Propose a prenup. You may think only the wealthy need prenuptial agreements, but anyone coming into a marriage with personal assets or dependents should consider one. They may not be right for everyone, but they can be helpful when it comes to passing on property to your children or protecting yourself from your spouse's debt.
Determine how to manage your finances. First, identify how you and your partner have managed your separate finances – and consider how you can play to each other’s strengths. If you're a savvy shopper and your partner is a calculated risk taker, rely on each other for managing those distinct aspects of your finances. There are several ways to manage your money as a couple (from splitting everything 50-50 to managing a household account with separate personal spending accounts), and you should agree on the method you're going to use before you say, "I do." This is not to say it won't change, but having a plan will take the pressure out of making major decisions.
Don’t start your life together in debt. Sure, you may have dreamed of a fairy tale wedding, but is it worth starting your new life in debt for the sake of an extravagant celebration? In addition to impacting your future finances, having more debt may shift your conversations about money toward the negative.
Every time there's a job change, children enter the picture or new cars and homes appear on the horizon, your financial situation changes. And this means you should have an ongoing conversation with your spouse and your advisor about finances – at the very least, check in on a regular basis.
Track your spending. It’s easier to keep your spending in check when you hold each other accountable. This step starts with creating a household budget, then being specific about spending from there. You may agree that each partner has a certain amount of disposable weekly or monthly income, or you could decide to put all spending money into an account earmarked for that purpose.

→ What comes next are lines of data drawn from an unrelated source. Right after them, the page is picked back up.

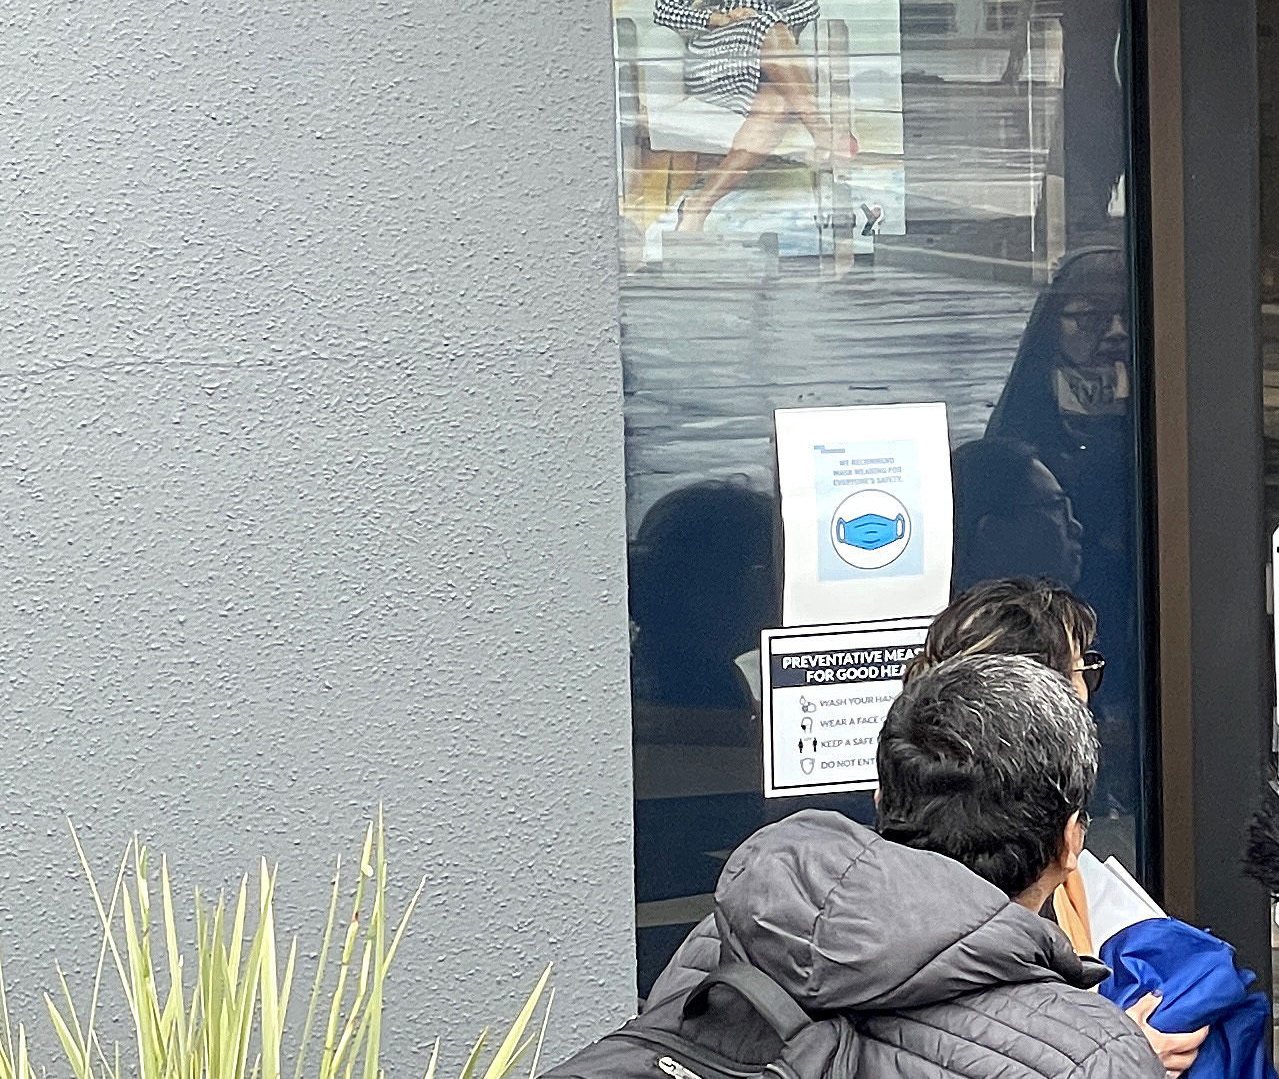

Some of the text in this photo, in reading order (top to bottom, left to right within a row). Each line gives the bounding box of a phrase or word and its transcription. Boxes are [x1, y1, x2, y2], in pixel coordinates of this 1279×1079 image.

[782, 647, 925, 670] PREVENTATIVE MEAS
[806, 664, 907, 683] FOR GOOD HEA
[819, 695, 895, 707] WASH YOUR HAN
[819, 718, 847, 728] WEAR
[856, 716, 880, 725] FACE
[820, 739, 844, 748] KEEP
[853, 737, 874, 746] SAFE
[821, 757, 876, 769] DO NOT ENT

Tell the truth about your purchases. If you tend to hide shopping bags from your spouse (one in three couples who argue about money have hid purchases from each other), this will jeopardize your financial planning with certainty. If you and your spouse don't have the complete financial picture, how can you accurately manage it?
Set financial priorities together. Dreams and aspirations change, which is why it’s important to have regular check-ins with your spouse about financial goals. This means short- and long-term goals. Rank the top three financial priorities and have a weekly or monthly meeting to track your progress. This will give you the opportunity to change course if need be.

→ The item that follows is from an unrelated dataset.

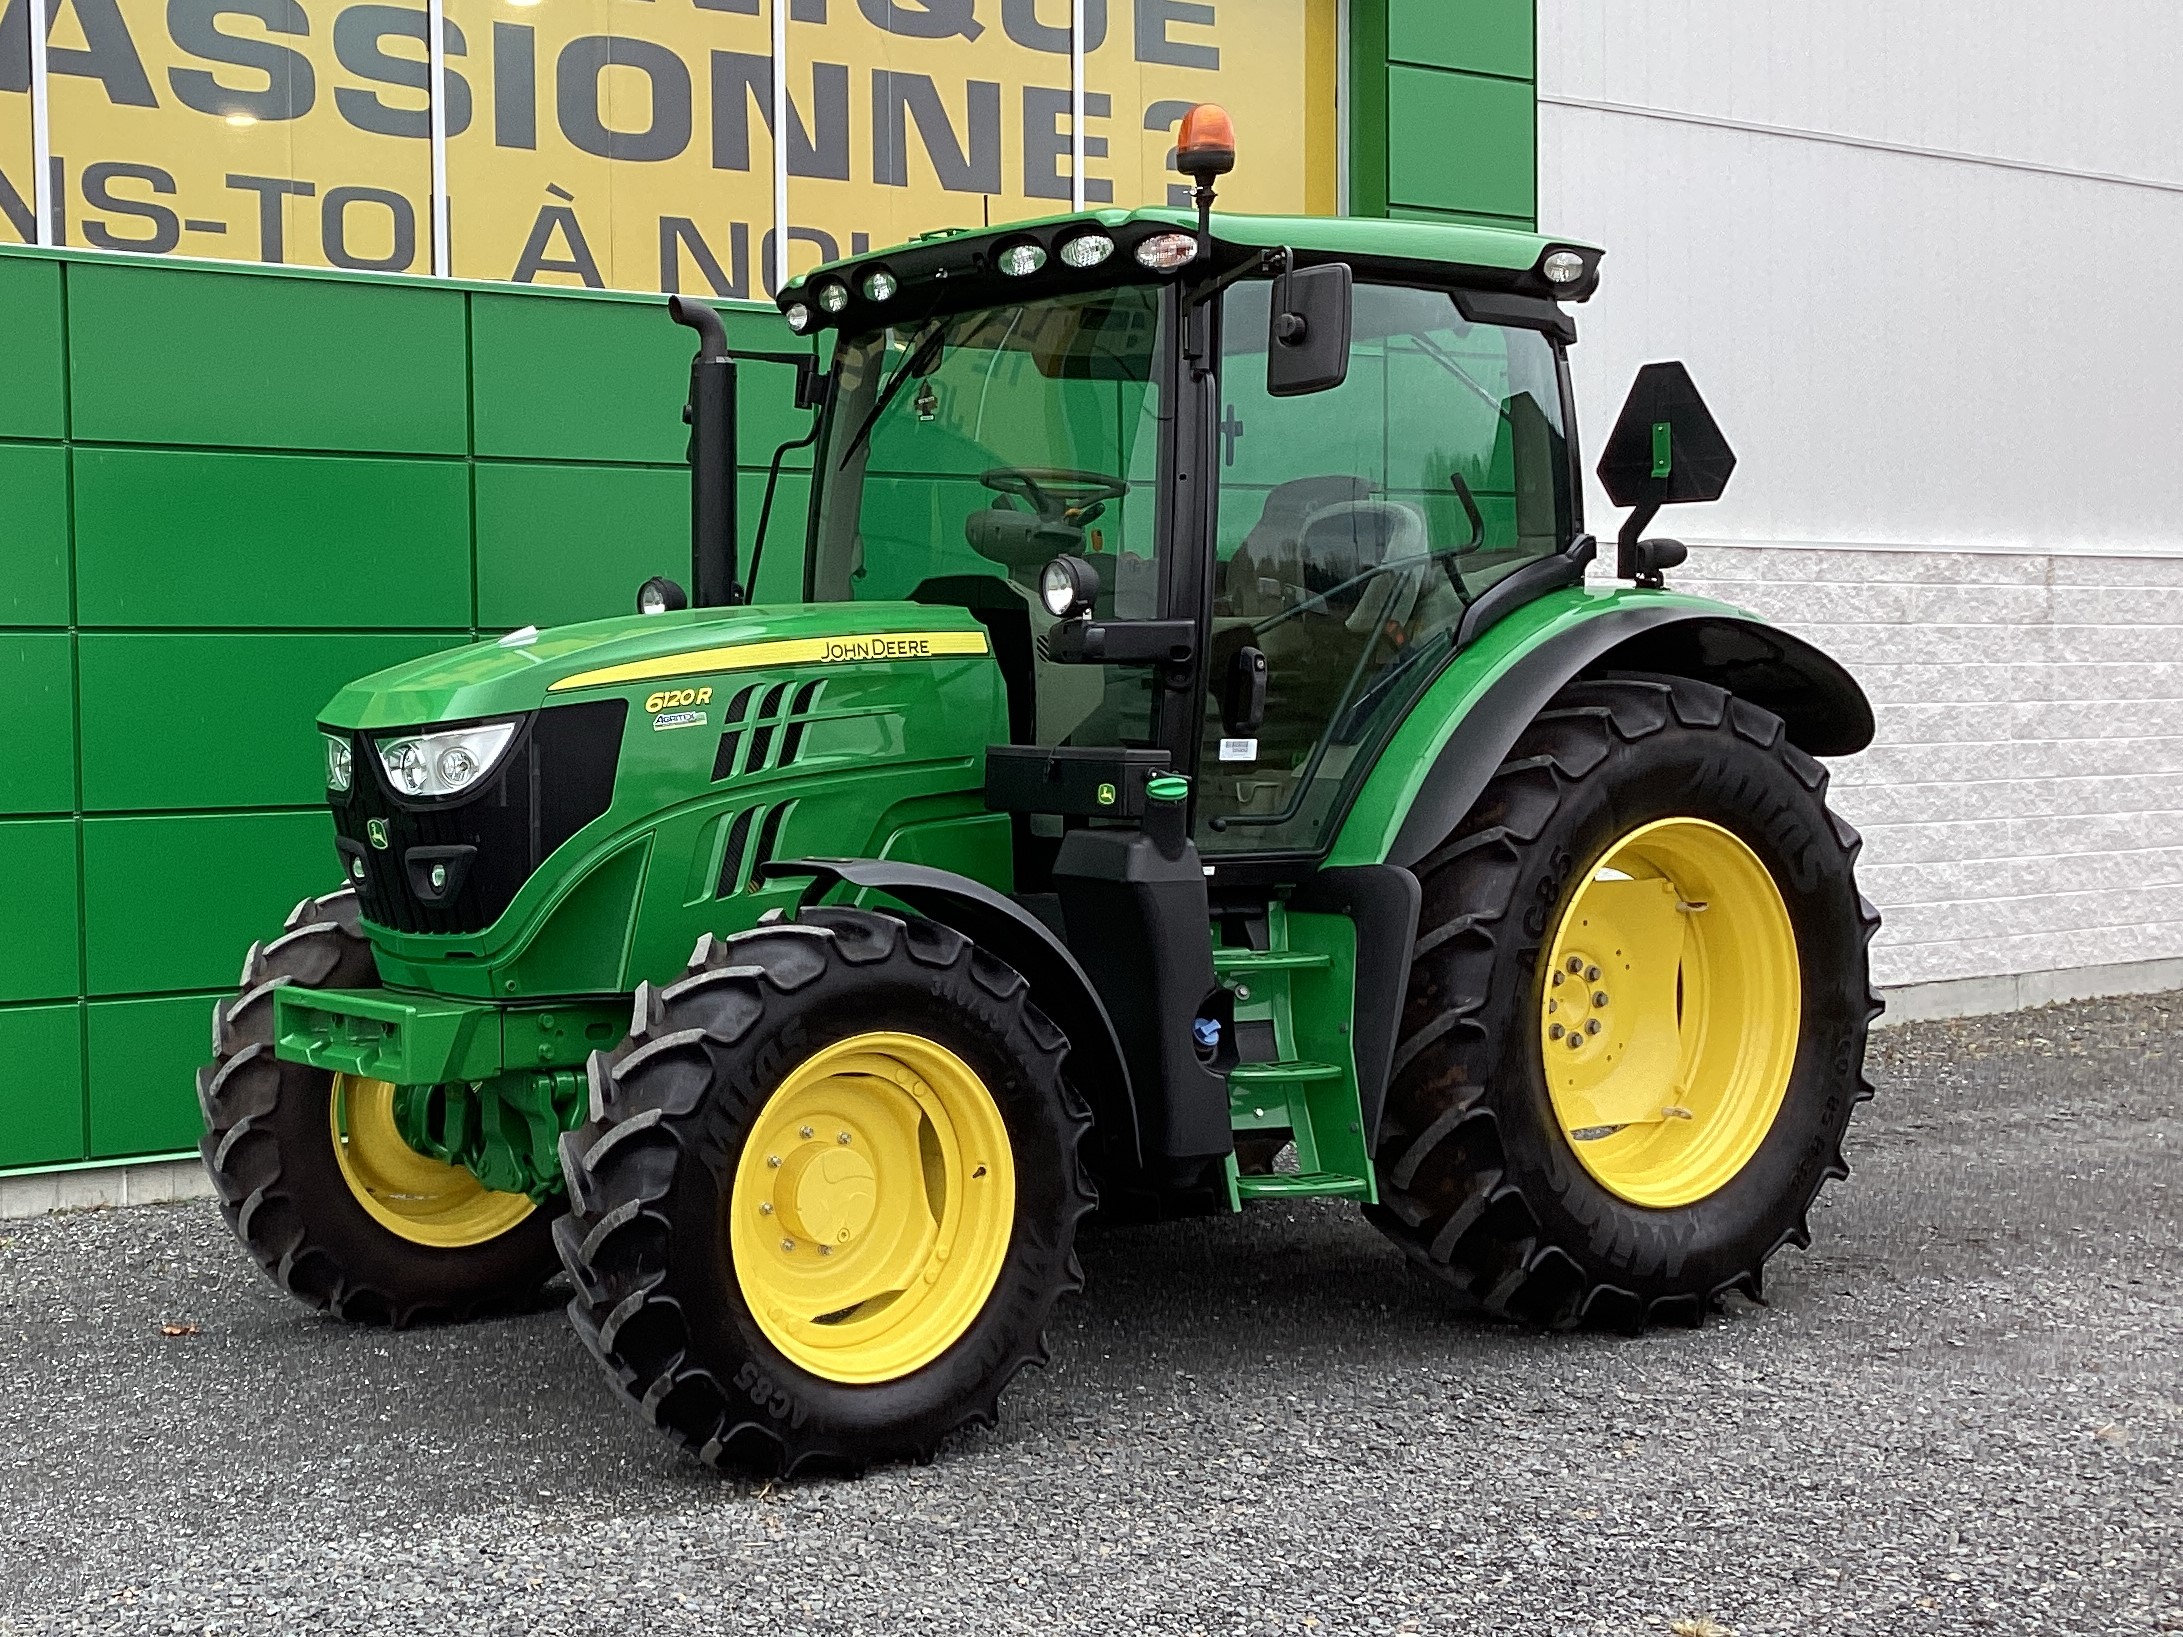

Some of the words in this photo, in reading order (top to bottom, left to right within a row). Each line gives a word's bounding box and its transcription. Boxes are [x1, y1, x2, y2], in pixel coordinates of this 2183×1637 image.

[510, 182, 606, 289] À
[659, 215, 869, 300] NO
[820, 641, 870, 659] JOHN
[871, 638, 931, 656] DEERE

No one enters a marriage thinking it's going to end, but about 40% to 50% of married couples in the United States get divorced, according to the American Psychological Association – and the rate for subsequent marriages is even higher. Finances can be what turns an amicable divorce into a hostile one. If you’re separated, consider this:
Heed the advice of professionals. When it comes to love and money, opinions get heated. Try to avoid listening to your co-workers’ advice and get a professional’s help instead. Your financial advisor can guide you through some of the practical aspects of this emotional time and be an unbiased resource you can trust.

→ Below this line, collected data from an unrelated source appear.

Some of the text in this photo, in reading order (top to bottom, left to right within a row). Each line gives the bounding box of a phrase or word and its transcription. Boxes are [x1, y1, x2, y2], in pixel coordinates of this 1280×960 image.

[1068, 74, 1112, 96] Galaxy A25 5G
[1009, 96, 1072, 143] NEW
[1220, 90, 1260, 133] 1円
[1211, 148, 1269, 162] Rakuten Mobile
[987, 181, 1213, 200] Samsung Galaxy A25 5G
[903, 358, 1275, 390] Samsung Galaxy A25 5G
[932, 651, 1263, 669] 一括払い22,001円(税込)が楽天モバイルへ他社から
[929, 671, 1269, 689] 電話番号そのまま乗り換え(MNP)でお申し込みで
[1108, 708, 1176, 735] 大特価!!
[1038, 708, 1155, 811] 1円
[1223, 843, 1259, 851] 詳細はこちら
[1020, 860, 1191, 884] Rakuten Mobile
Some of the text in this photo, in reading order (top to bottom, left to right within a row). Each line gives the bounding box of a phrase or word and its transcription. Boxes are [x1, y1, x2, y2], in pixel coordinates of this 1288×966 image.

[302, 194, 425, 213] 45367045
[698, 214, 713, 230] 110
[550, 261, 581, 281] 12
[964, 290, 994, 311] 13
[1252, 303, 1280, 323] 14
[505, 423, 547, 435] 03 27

Open separate checking accounts. It’s best to close joint accounts and open new separate accounts rather than adding or removing names; it’ll give you a sense of security that you’re the only one with access. Change your direct deposit to go into the new account and start budgeting for yourself immediately.
Step up your financial prowess. In many relationships, one person acts as the money manager. If you were not involved in managing the finances in your last relationship, now's the time to get up to speed. Lean on your advisor to guide you and ask for resources that will help you manage your finances the way you want to.
A healthy relationship with finances and the ability to be honest about them will contribute to a healthy relationship with your spouse and can help set your marriage up for success.